A história dos Filhos de Gandhy tem sido contada e recontada com versões que divergem quanto ao roteiro do primeiro desfile: Bonfim ou Santa Luzia; nome dos fundadores; rituais de saída; símbolos originais e os incorporados ao longo dos anos. Sabemos que os figurinos originais do bloco eram simples, conforme Pierre Verger confidenciou a Antônio Risério e hoje, a partir de seu acervo fotográfico, se confirma essa avaliação.
Nasceu como um cordão exclusivo de homens e de estivadores. Em 1951, no seu terceiro ano de desfile, passou a admitir foliões oriundos de outras classes de trabalhadores, com a determinação de não usar bebidas alcoólicas, sob o argumento de que mulher e bebidas provocariam brigas, comprometendo a intenção de homenagear o líder pacifista. As mulheres não desfilavam; formavam um grupo de apoio, maioritário de prostitutas do Cais do Porto, elas que providenciaram lenços brancos para os torços originais e os vidros de alfazema para os banhos de cheiro.
De fato, os Filhos de Gandhy não era um afoxé, nem sombra disso considerando o seu repertório musical constituído de sambas e marchas. No ano referido, de 1951, incorpora ao desfile os símbolos da cabra (símbolo da vida) e do camelo (símbolo da resistência), tudo a ver com a mística do líder indiano homenageado e somente em 1952 é que se assume como afoxé, com a introdução de rituais a Exu, como nos revelam as fotos de Pierre Verger, e incorpora ritmos afros e ainda o símbolo do elefante, conduzido numa precária estrutura adaptada com rodas de bicicleta.

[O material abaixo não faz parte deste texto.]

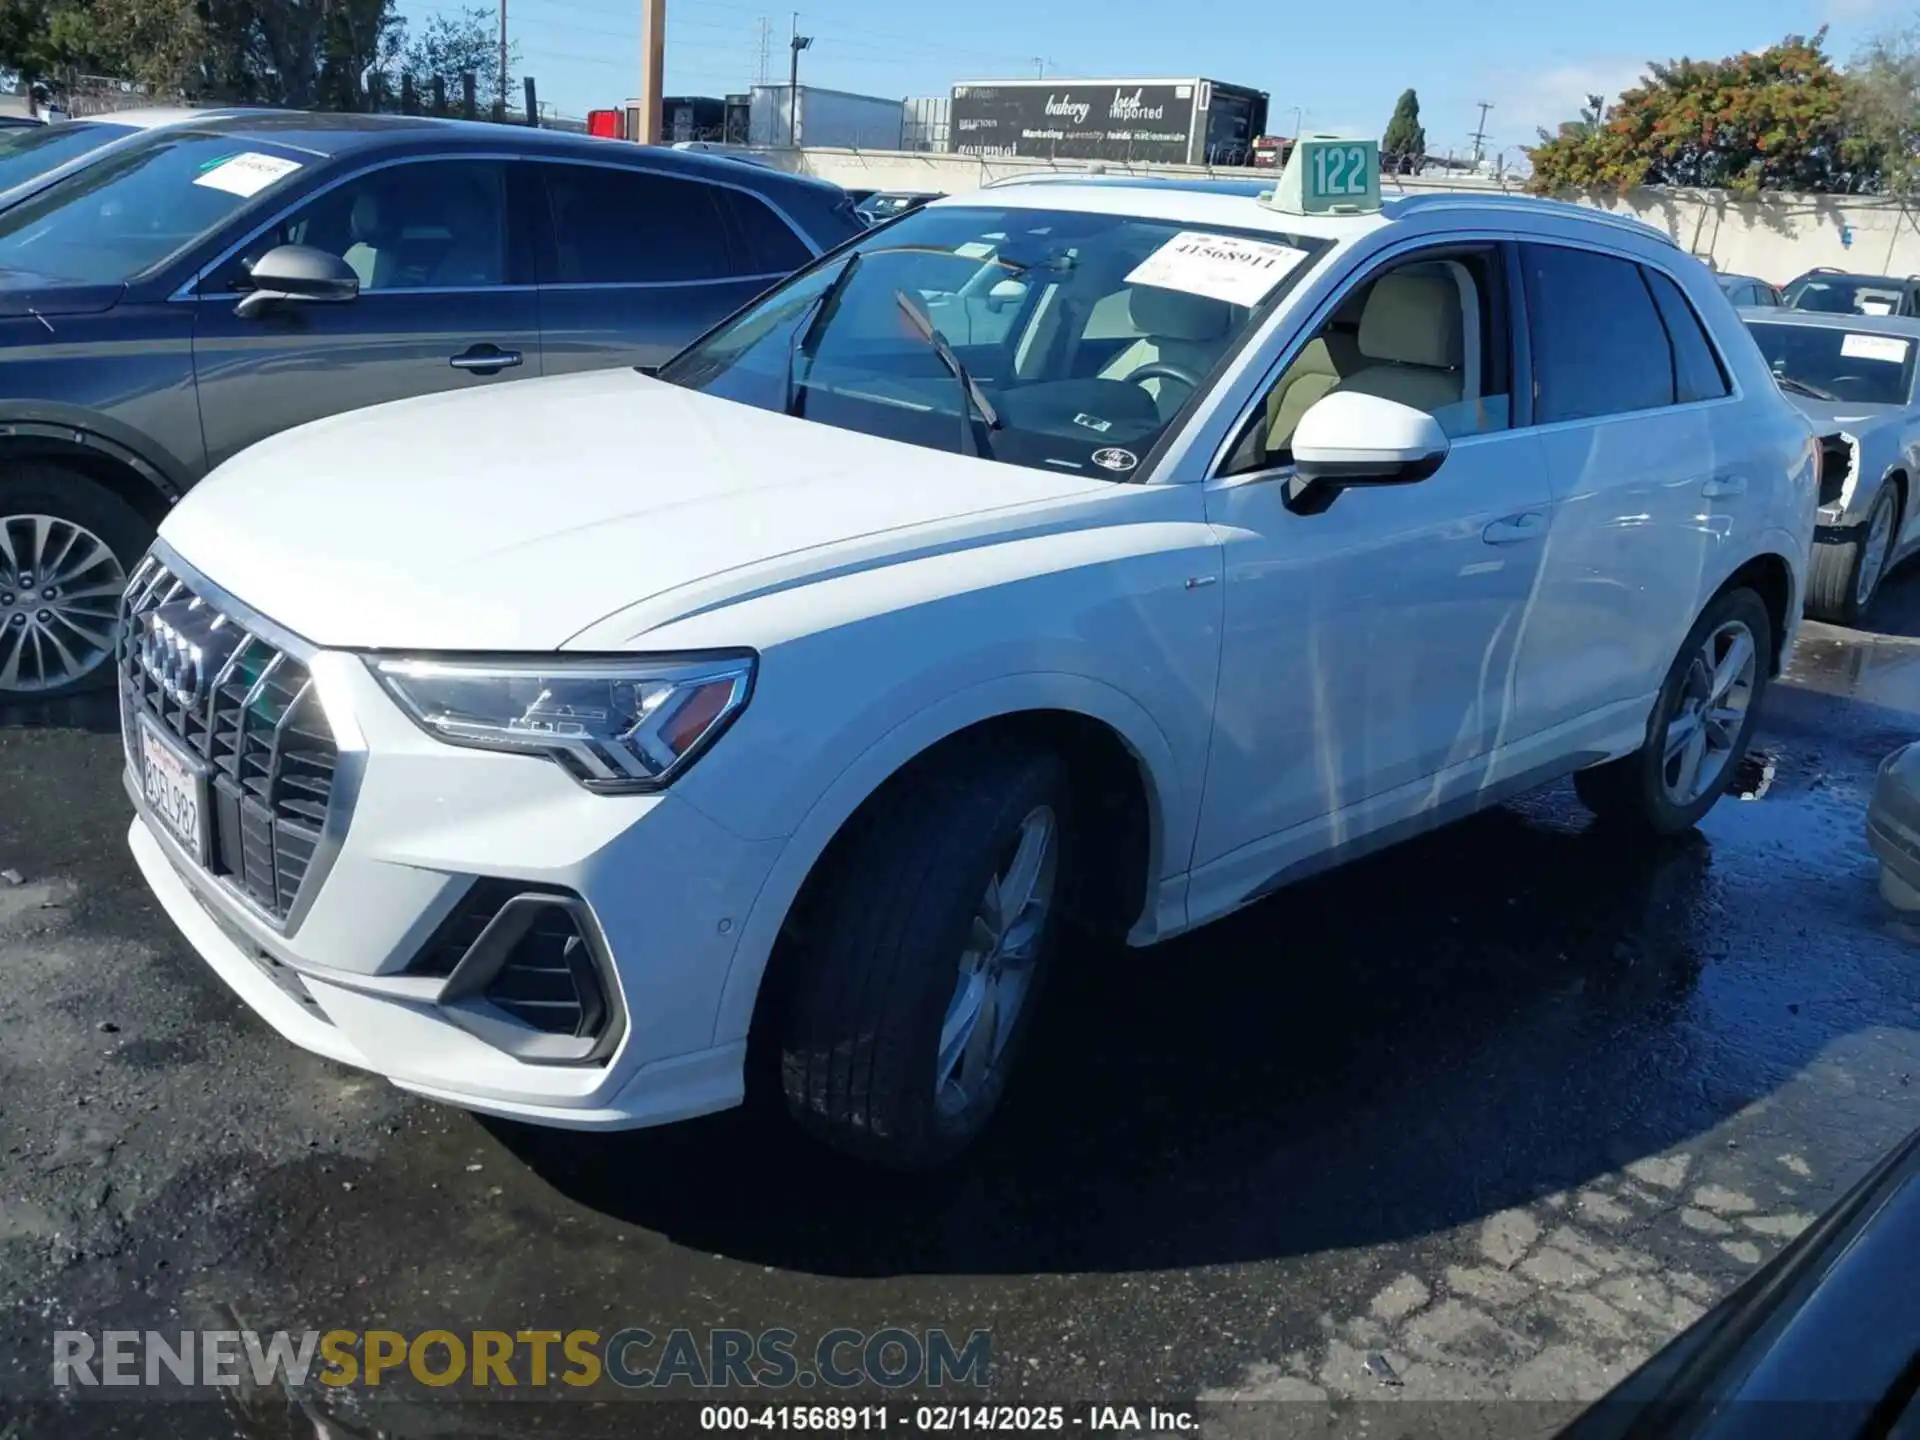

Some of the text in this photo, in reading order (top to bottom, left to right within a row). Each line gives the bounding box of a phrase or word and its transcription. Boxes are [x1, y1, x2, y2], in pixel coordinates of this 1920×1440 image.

[1044, 93, 1091, 124] bakery
[1108, 104, 1164, 121] imported
[1314, 146, 1366, 195] 122

O Gandhy da primeira metade da década de 1950 não usava ainda os colares de contas azul e branco, uma de suas características marcantes. O bloco cresce em número de integrantes e em animação e representatividade. Mas, enfrentaria inúmeras crises e durante dois anos deixou as ruas e por pouco teria desaparecido, após ter sido despejado de sua sede. O radialista Gerson Macedo da Rádio Excelsior se empenhou no seu retorno. Gilberto Gil ouviu seu apelo e assumiu para sim a paternidade do bloco, como patrono e articulador cultural.

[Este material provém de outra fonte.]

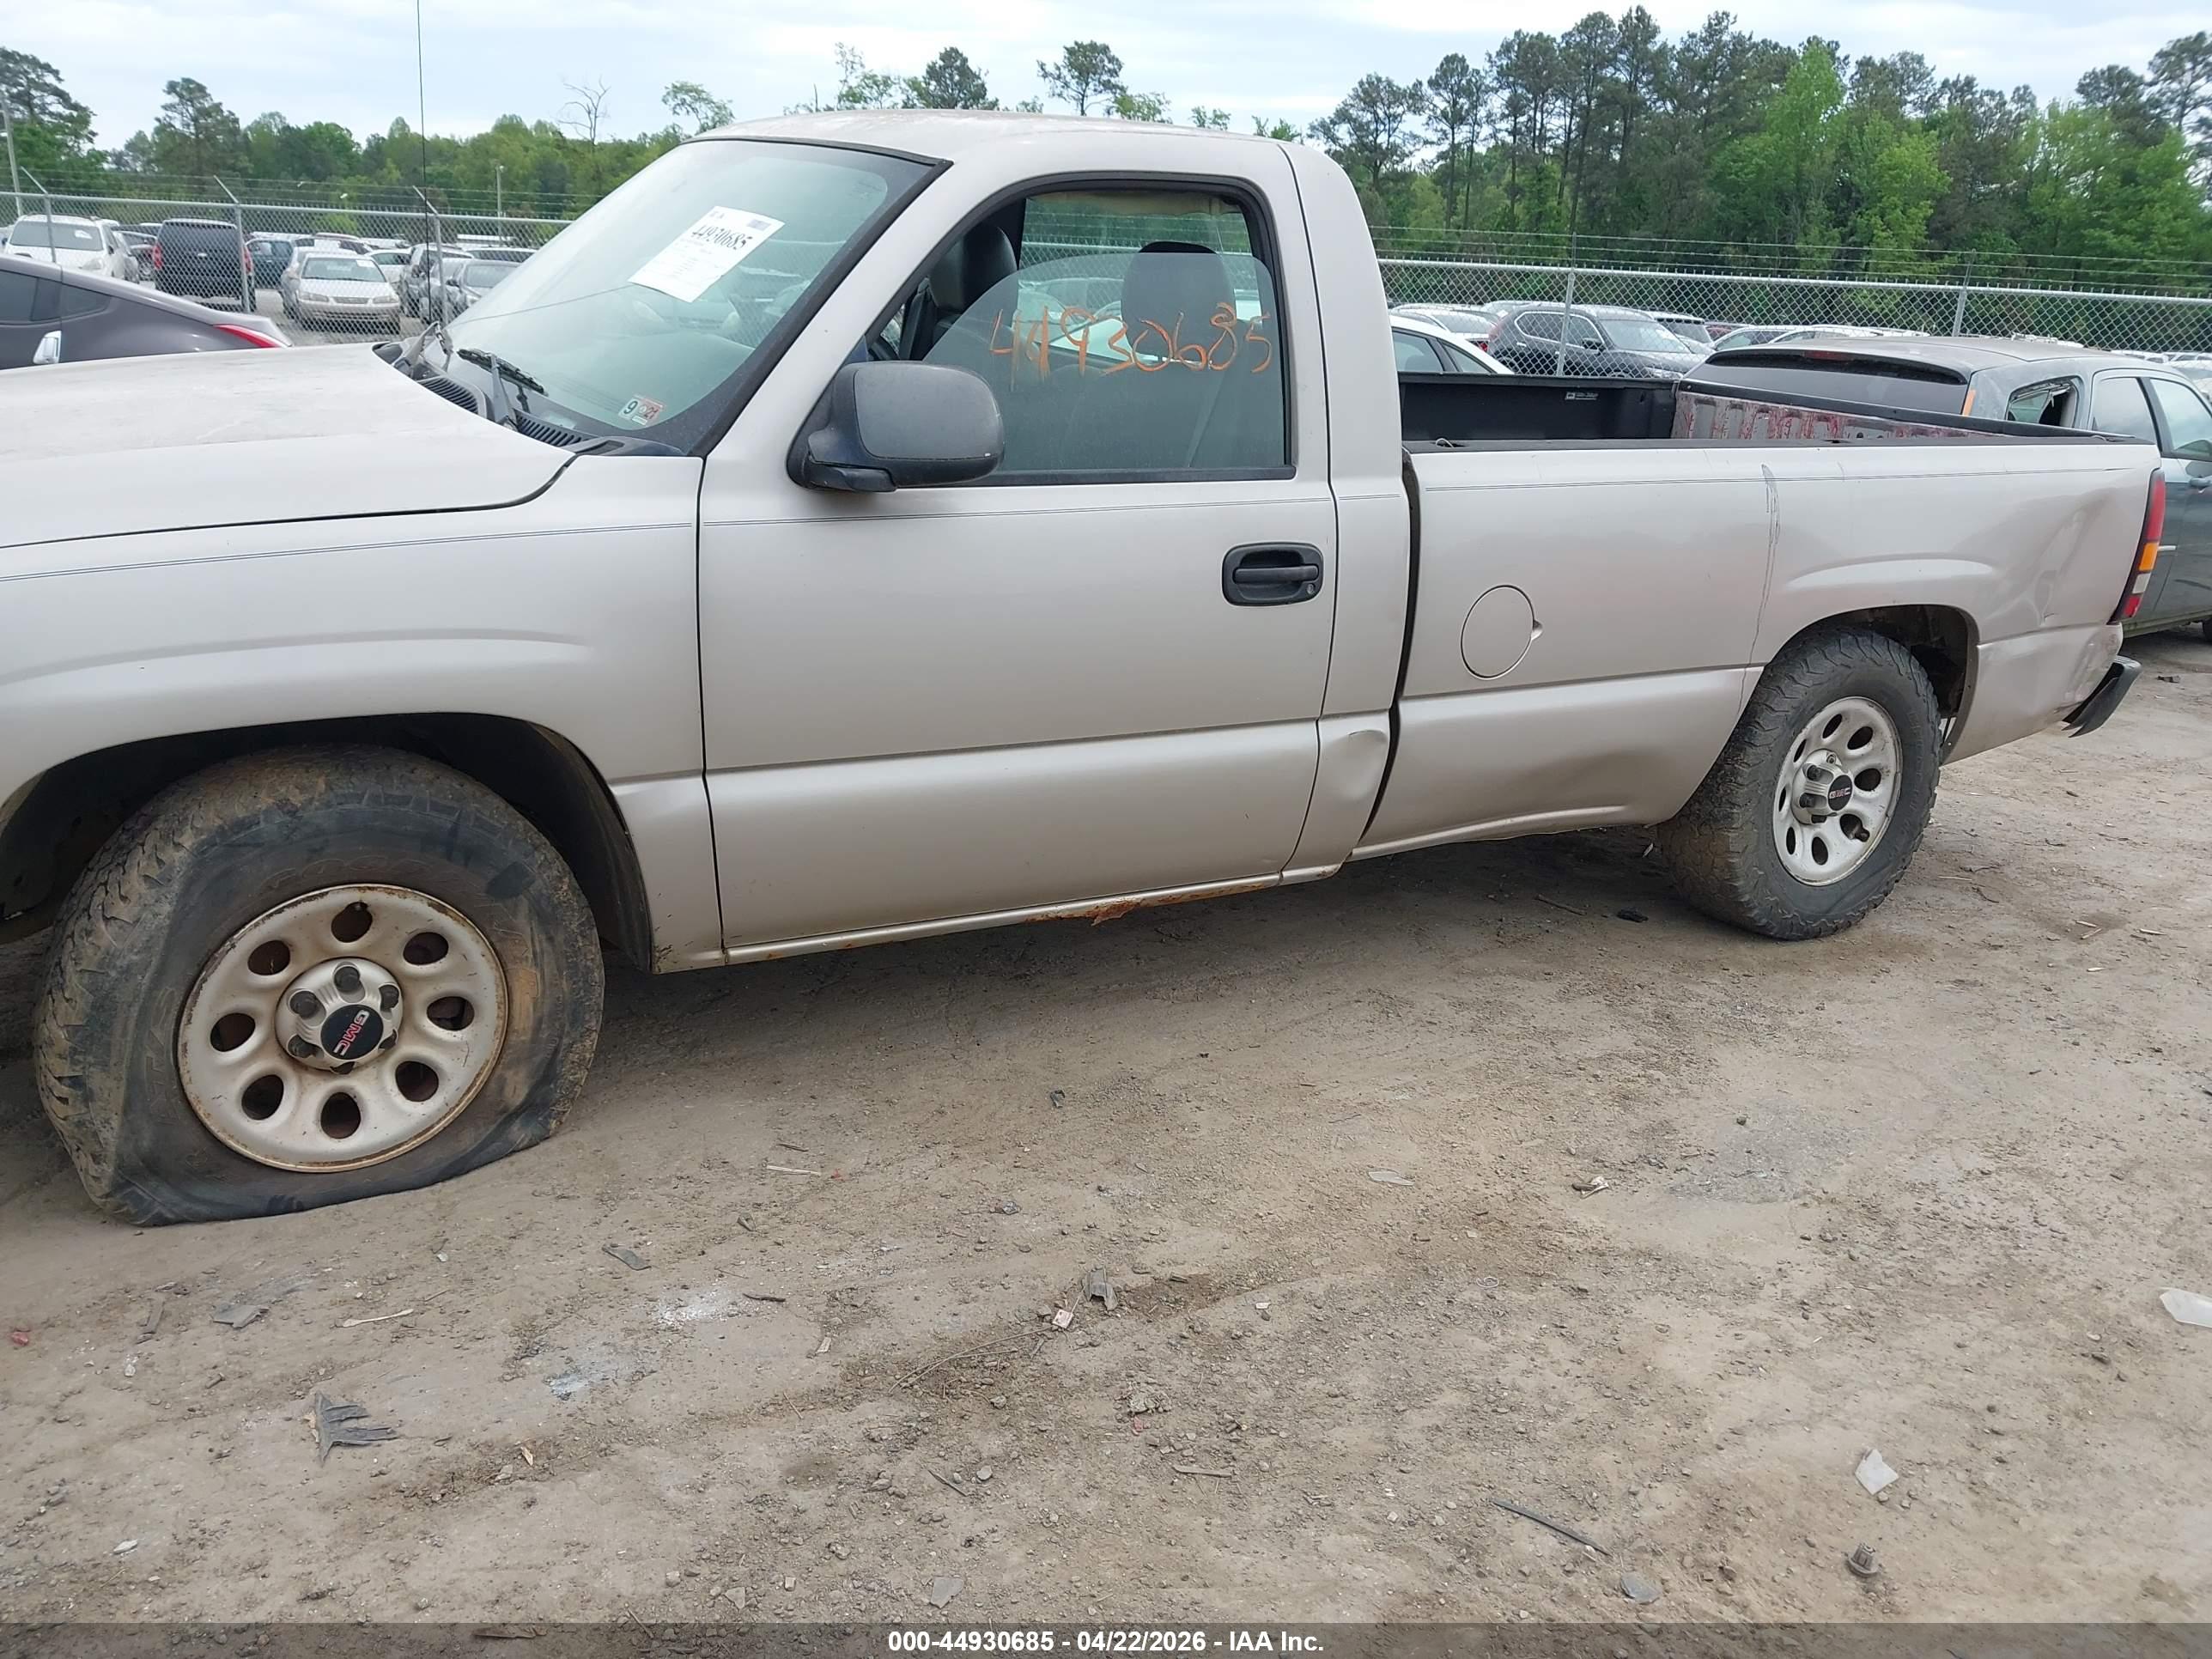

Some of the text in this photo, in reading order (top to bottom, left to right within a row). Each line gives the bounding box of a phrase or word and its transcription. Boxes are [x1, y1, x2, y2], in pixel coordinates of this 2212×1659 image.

[692, 224, 753, 251] 44930685
[989, 302, 1271, 392] 44930685
[623, 400, 638, 414] 9
[1829, 787, 1850, 799] GMC
[333, 1009, 370, 1056] GMC

Gil conta a motivação “Quando eu voltei de Londres, dentro daquele processo de retomada, de redescoberta, de sofisticação de gosto, é que eu fui procurar especificamente os afoxés…. Me disseram que os afoxés não existiam mais. E de fato, fui encontrar uns vinte Filhos de Gandhy, com os tambores no chão, num canto da Praça da Sé…Fui procurá-los para entrar no afoxé. Foi como uma coisa devocional, uma promessa, uma vontade de pôr o meu prestígio… em prol daquela coisa bonita “.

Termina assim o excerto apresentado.